Com atores convincentes e através de uma boa construção narrativa, A Grande Virada entrega interessantes retratos de seus personagens, mesmo que o filme em si não seja sobre eles, mas sim sobre unidades econômicas. Quando uma corporação demite alguém, geralmente não dá a mínima se a pessoa é um bom amigo, um pai amoroso, um imprestável ou um mentiroso. O indivíduo é um investimento no qual a empresa acredita até que seu custo não seja mais adequado, e então é "bye bye, so long, farewell", como diria Guilherme Arantes, outro cantor e compositor nacional. O real impacto do filme acontece quando estas pessoas constatam que em termos econômicos, simplesmente não importa para a empresa em questão quem eles são ou o que deixam de ser.
No entanto, há um personagem no filme que realmente faz alguma coisa. Trata-se de Jack Dolan (Kevin Costner), cunhado de Bobby, que possui uma pequena empresa de construção que constrói uma casa de cada vez. Ele e seus trabalhadores sabem como tocar o negócio de maneira eficiente, e quando Bobby (que sempre via seu cunhado com certa inferioridade), bate em sua porta pedindo uma oportunidade, Jack não hesita em ajudá-lo. Jack é o melhor personagem do filme, justamente porque é ele quem nos relembra da verdadeira sensação de dignidade que existe no ato de se trabalhar para tirar seu próprio sustento, e não para tornar uma empresa mais rica.
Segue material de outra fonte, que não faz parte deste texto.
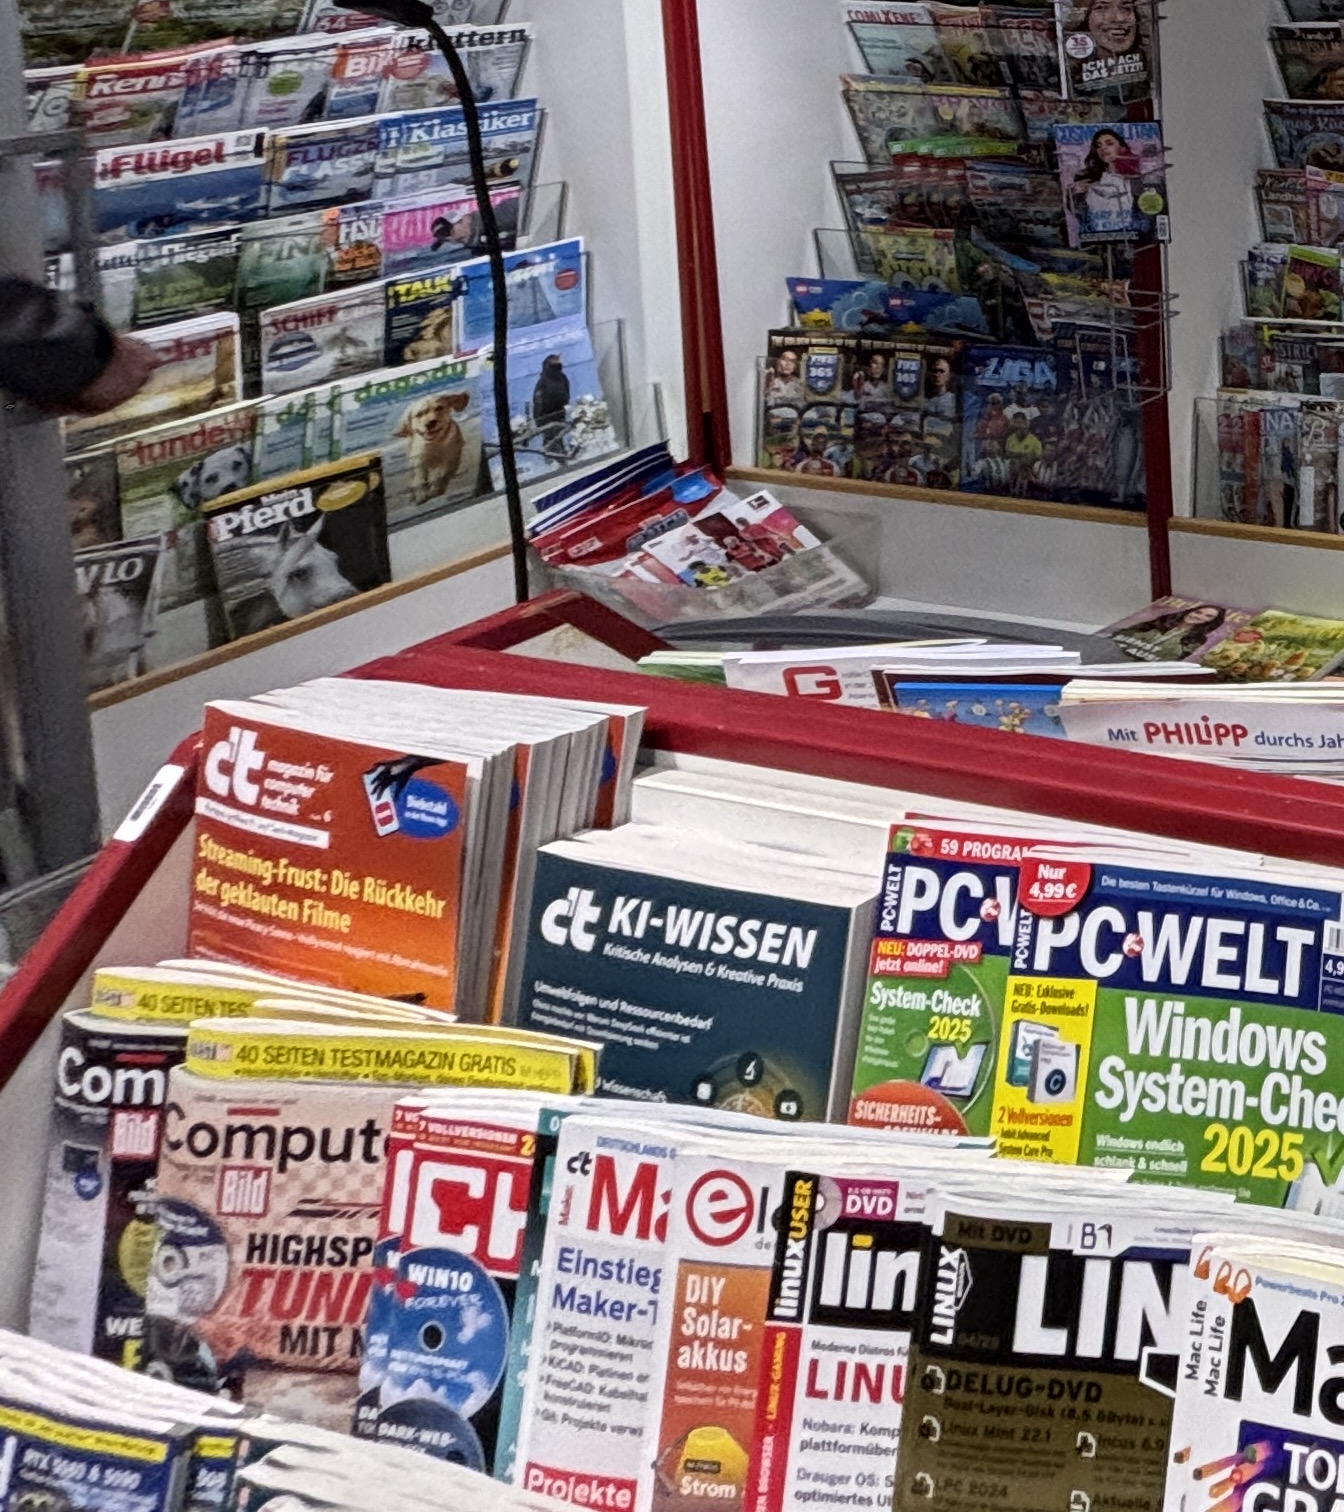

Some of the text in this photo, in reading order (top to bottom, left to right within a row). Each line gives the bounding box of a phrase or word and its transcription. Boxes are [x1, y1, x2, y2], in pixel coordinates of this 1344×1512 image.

Escrito e dirigido por John Wells (do bom Pegando Fogo, 2015), A Grande Viradanão é o tipo de filme que retrata o desespero de se estar desempregado. O filme nunca se torna apelativo e se restringe a mostrar o mundo como ele é, onde pessoas comuns como eu e você tentamos ganhar a vida, dia após dia. Nos bons momentos, os jovens vão ao cinema e sonham em se tornar Gordon Gekko. Nas horas difíceis, um mero construtor se torna uma referência de estabilidade e segurança. Meu conselho aos jovens que hoje estão tentando escolher sua carreira, envolve um velho clichê: "Encontre aquilo que você realmente gosta de fazer e faça disso sua profissão". Eu realmente creio que é assim que as coisas funcionam. Até porque, já que se for para ficar desempregado, parece menos difícil se você odiar o que faz, de qualquer modo.
A Grande Virada está disponível para o mercado de home-video.